Em sua declaração, o CIDSE disse ser encorajador que o relatório do IPCC tenha destacado como as soluções de disputas entre investidores e estados podem impedir ações climáticas mais ambiciosas por parte dos governos por temores de que empresas ou investidores possam processar os impactos em seus negócios.

 

Josianne Gauthier, secretária-geral do CIDSE, disse que "o poder corporativo está dificultando a justiça climática" e que uma resposta completa às mudanças climáticas deve envolver a abordagem dos sistemas econômicos atuais.

 

"Como o Papa Francisco disse, não podemos viver em uma economia baseada em um crescimento insaciável e irresponsável.
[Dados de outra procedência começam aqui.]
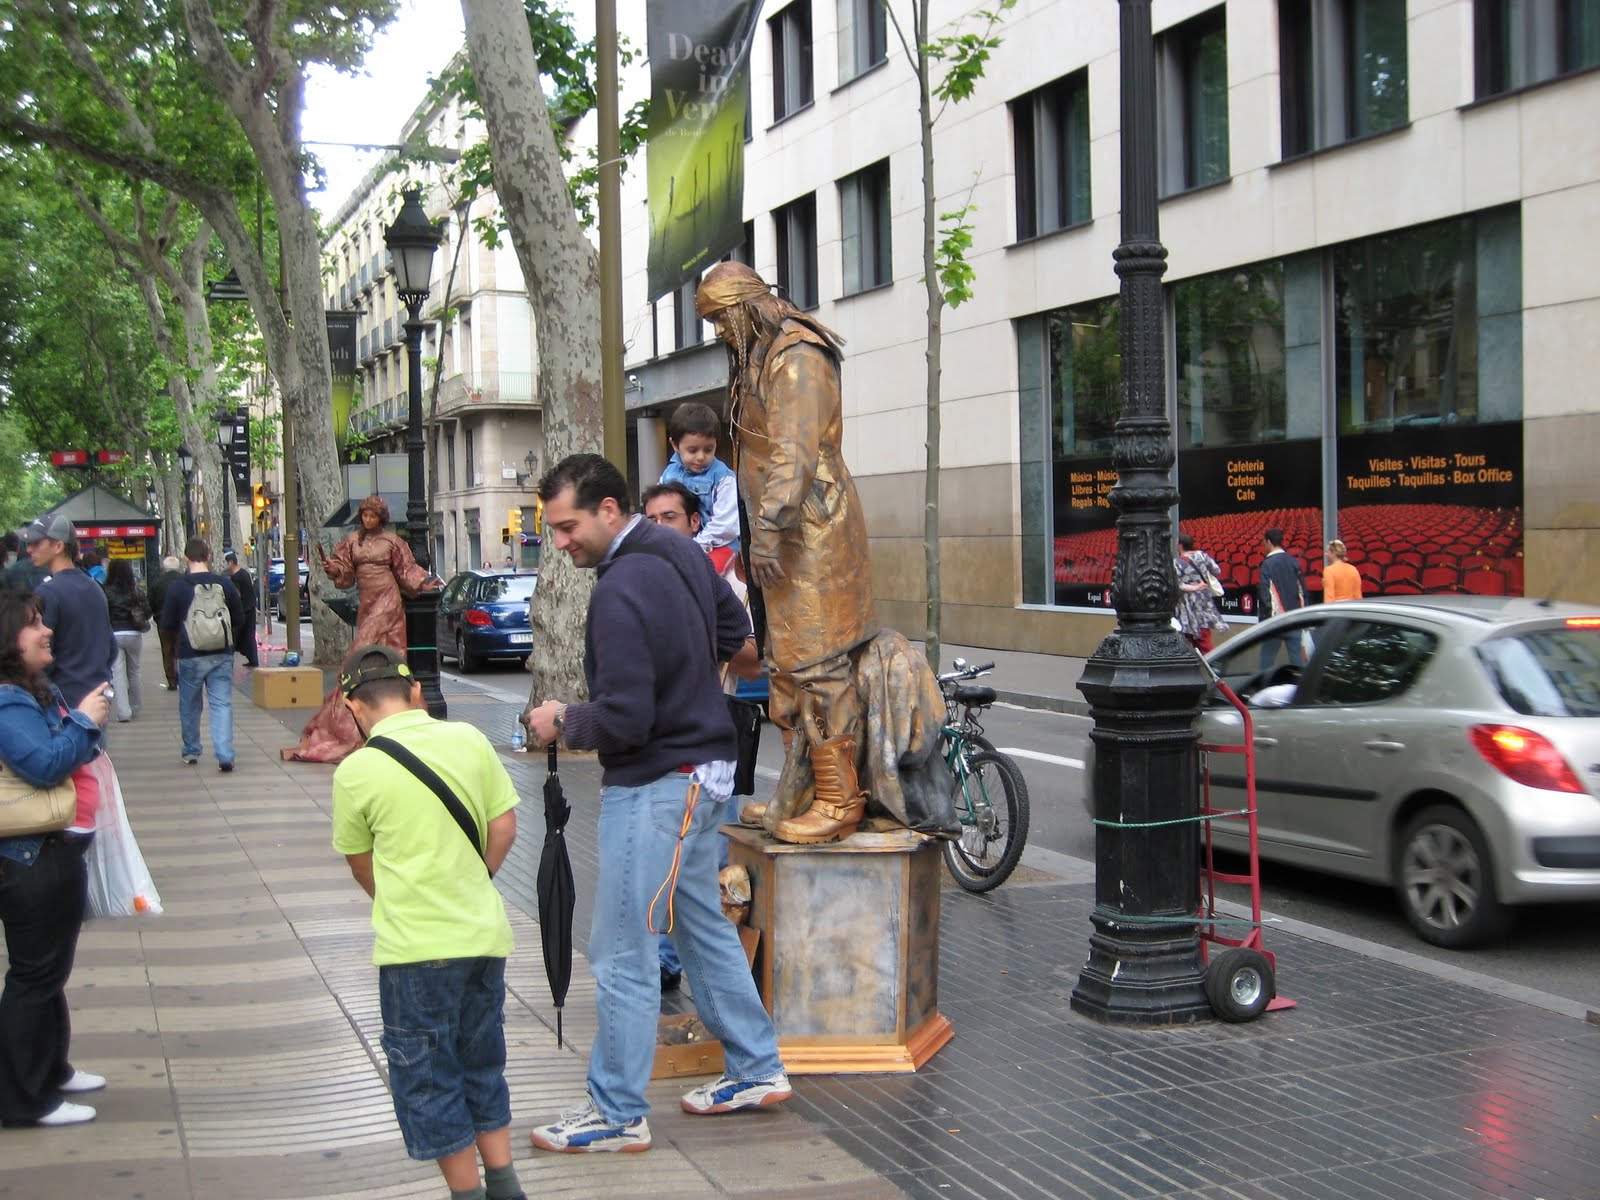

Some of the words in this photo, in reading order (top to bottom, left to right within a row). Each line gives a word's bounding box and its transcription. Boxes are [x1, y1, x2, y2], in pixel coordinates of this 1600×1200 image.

[664, 88, 719, 120] Ven
[1369, 459, 1404, 472] Visites
[1411, 456, 1447, 470] Visitas
[1454, 454, 1486, 467] Tours
[1097, 483, 1113, 494] Libr
[1347, 475, 1391, 490] Taquilles
[1398, 472, 1446, 488] Taquillas
[1453, 470, 1475, 484] Box
[1478, 469, 1513, 483] Office
[1097, 495, 1111, 508] Reg
Estamos motivados a desafiar o sistema com base nas experiências diretas de pessoas na vanguarda das mudanças climáticas, que precisam urgentemente de mitigação", disse ela.

 

Kureethadam disse ao EarthBeat que é compreensível que as pessoas achem preocupantes os relatórios climáticos como o mais recente do IPCC, porque é a partir desse ponto que eles podem se conscientizar dos desafios e se mobilizar para agir. Ele disse que as pessoas também podem atrair esperança por meio das ações que estão acontecendo, inclusive por meio da Plataforma de Ação Laudato Si' do Vaticano, à qual Francisco convidou católicos de todo o mundo a participar como uma forma de abraçar a sustentabilidade e uma conversão ecológica.

 

"As pessoas estão se unindo, então vejo isso como um elemento de esperança. Não precisamos desanimar", disse Kureethadam. "É urgente, então não podemos adiar. Esse tempo acabou. O relatório é tão claro."